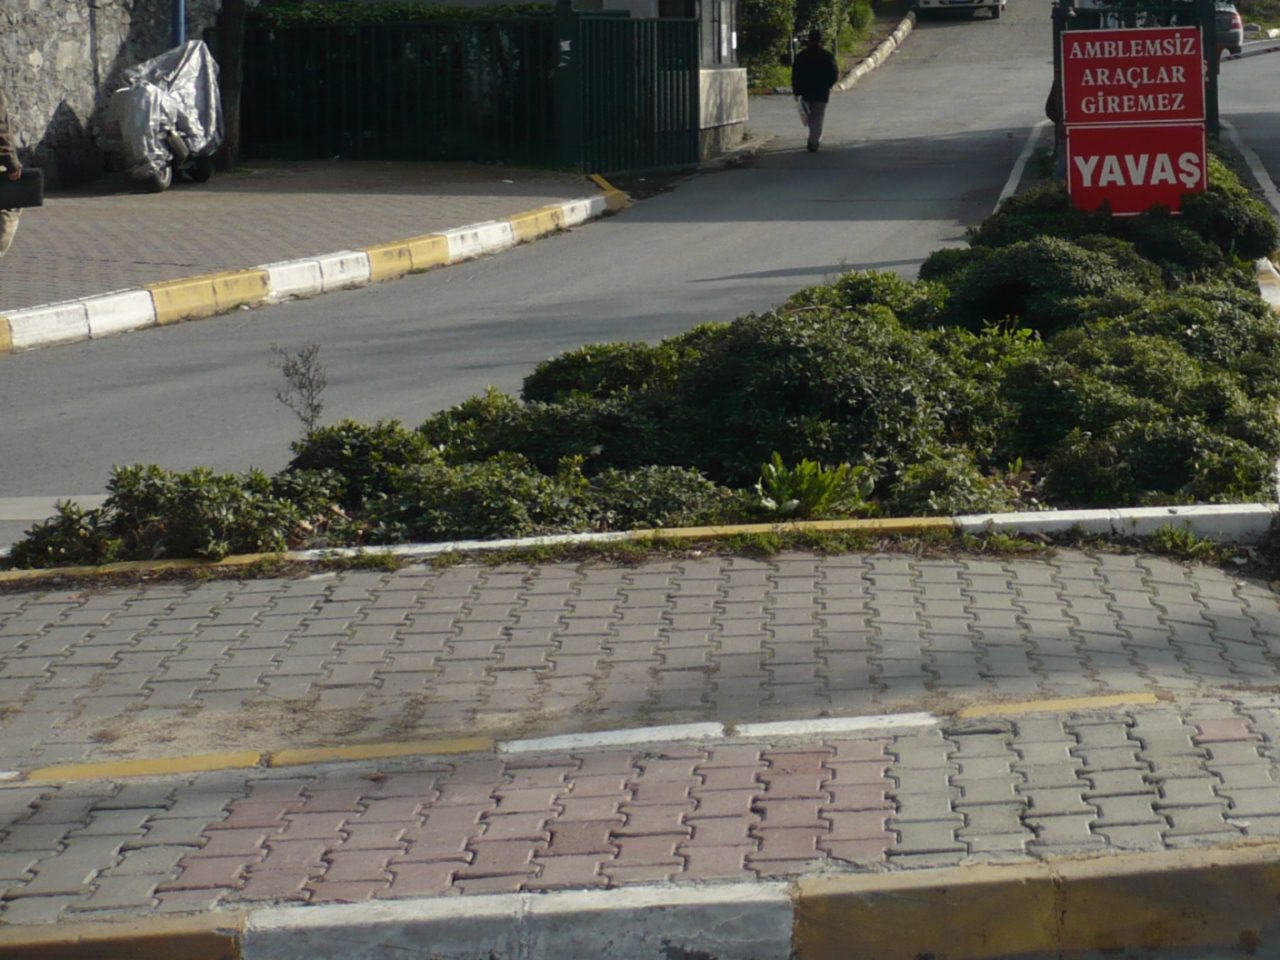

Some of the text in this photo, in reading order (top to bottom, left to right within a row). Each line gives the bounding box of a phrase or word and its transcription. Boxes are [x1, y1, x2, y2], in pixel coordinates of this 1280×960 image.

[1069, 33, 1196, 59] AMBLEMSİZ
[1081, 66, 1186, 88] ARAÇLAR
[1081, 91, 1185, 114] GİREMEZ
[1074, 152, 1200, 189] YAVAŞ
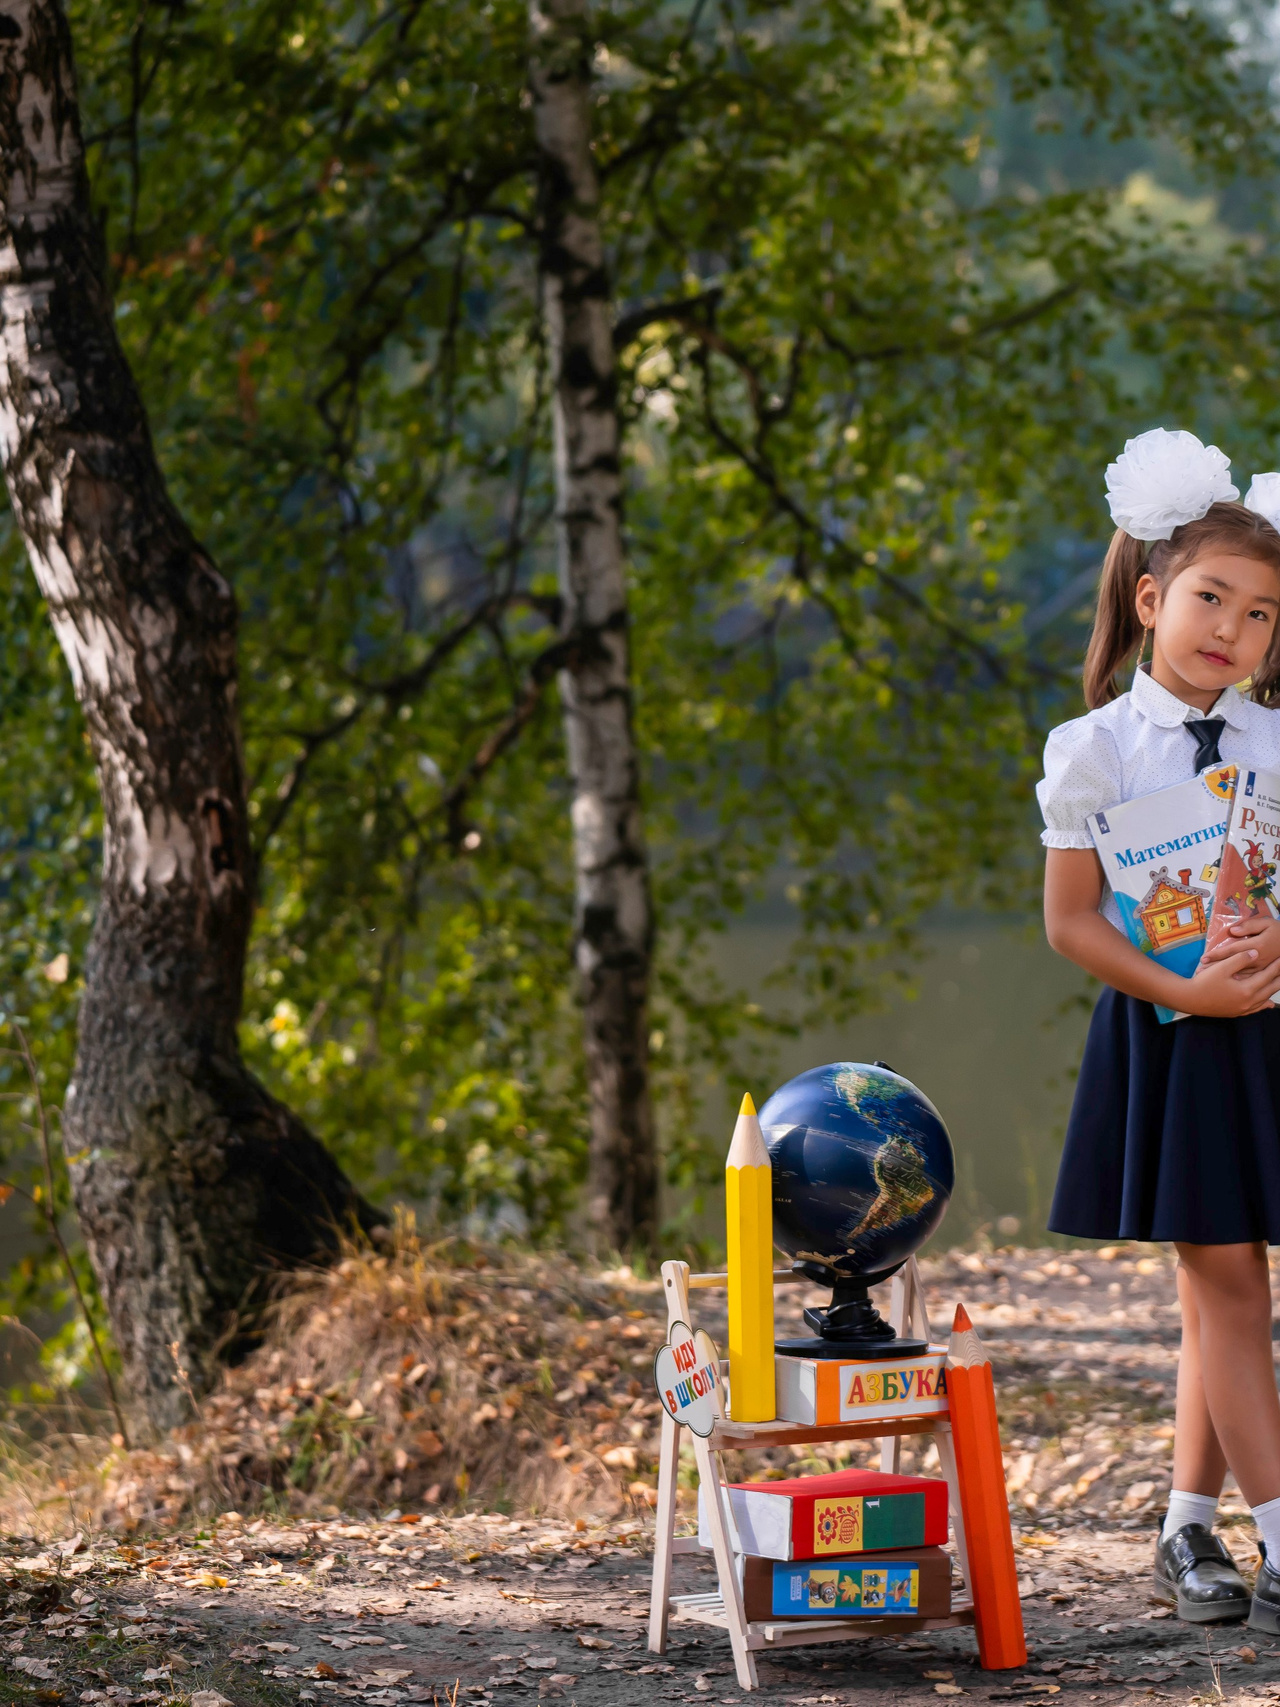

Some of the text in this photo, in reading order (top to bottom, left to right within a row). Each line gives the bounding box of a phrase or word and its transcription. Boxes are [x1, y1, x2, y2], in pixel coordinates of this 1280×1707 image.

[1114, 821, 1227, 870] Математик
[672, 1339, 697, 1374] ИДУ
[665, 1362, 720, 1414] В ШКОЛУ!
[848, 1367, 948, 1404] АЗБУКА
[866, 1498, 880, 1509] 1
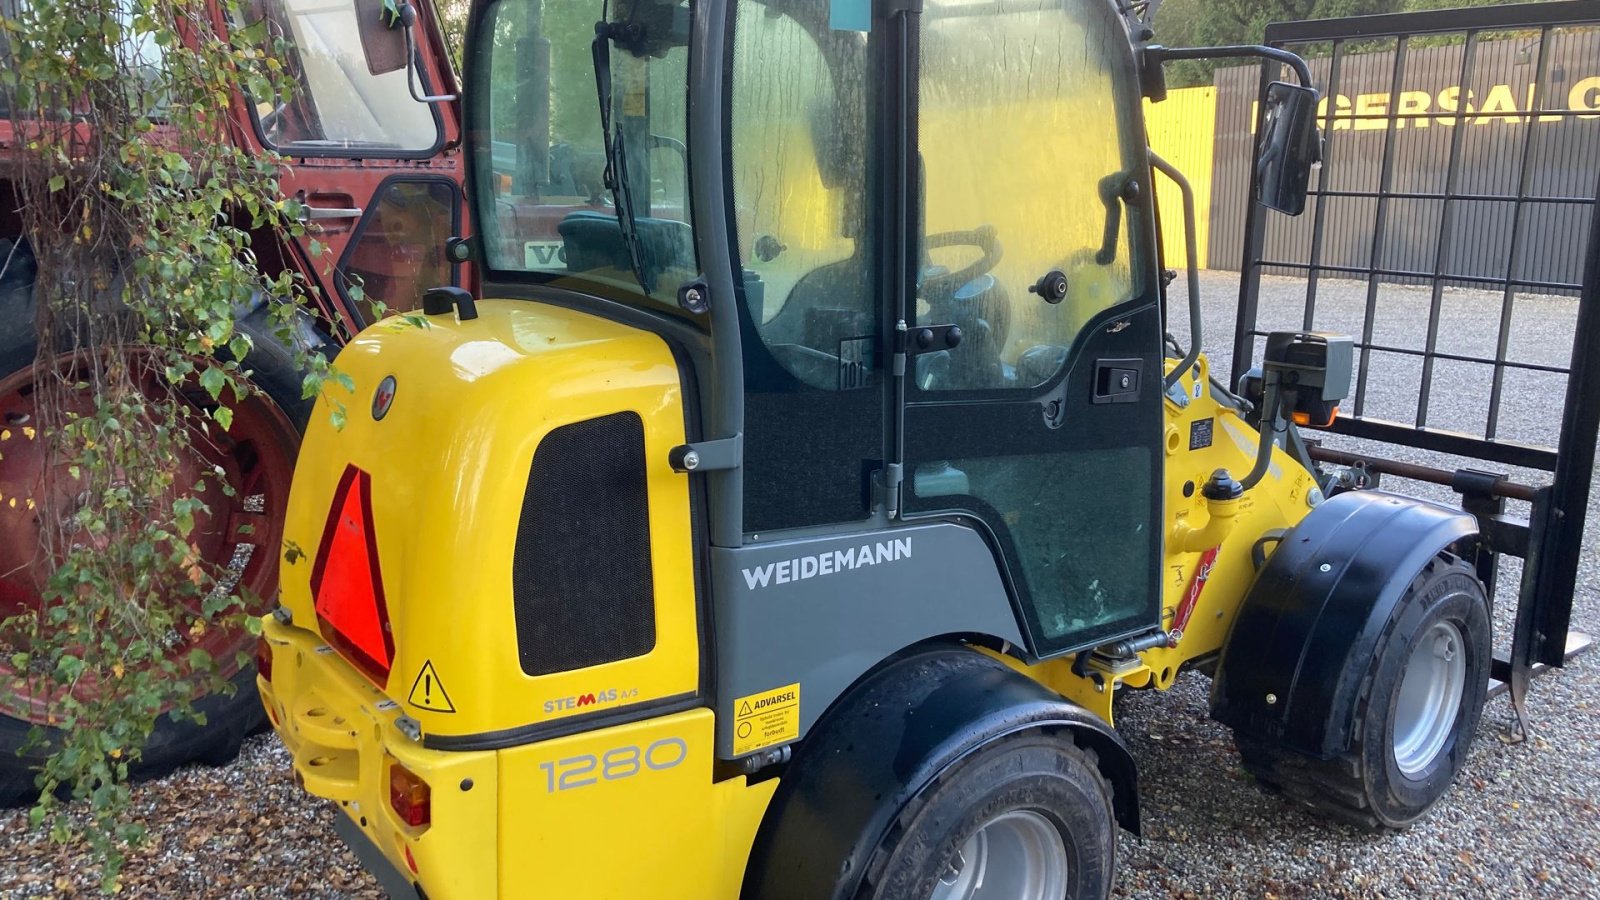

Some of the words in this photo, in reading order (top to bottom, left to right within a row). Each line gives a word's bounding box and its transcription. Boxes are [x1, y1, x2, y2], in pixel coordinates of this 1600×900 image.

[742, 537, 912, 590] WEIDEMANN
[543, 689, 618, 713] STEMAS
[621, 688, 638, 699] A/S
[754, 691, 796, 710] ADVARSEL
[539, 737, 688, 794] 1280

*Task directions*: Begin at the line containing "this 1280×1707 image." and stop at the final line of the data. Retype those lines exactly, without the pictures.

*Task solution*:
Some of the text in this photo, in reading order (top to bottom, left to right within a row). Each line gives the bounding box of a phrase or word and its transcription. Boxes are [x1, y1, x2, y2], in pixel coordinates of this 1280×1707 image.

[1114, 821, 1227, 870] Математик
[672, 1339, 697, 1374] ИДУ
[665, 1362, 720, 1414] В ШКОЛУ!
[848, 1367, 948, 1404] АЗБУКА
[866, 1498, 880, 1509] 1

Some of the words in this photo, in reading order (top to bottom, left to right within a row). Each line gives a word's bounding box and its transcription. Boxes are [x1, y1, x2, y2], in pixel coordinates of this 1600×900 image.

[742, 537, 912, 590] WEIDEMANN
[543, 689, 618, 713] STEMAS
[621, 688, 638, 699] A/S
[754, 691, 796, 710] ADVARSEL
[539, 737, 688, 794] 1280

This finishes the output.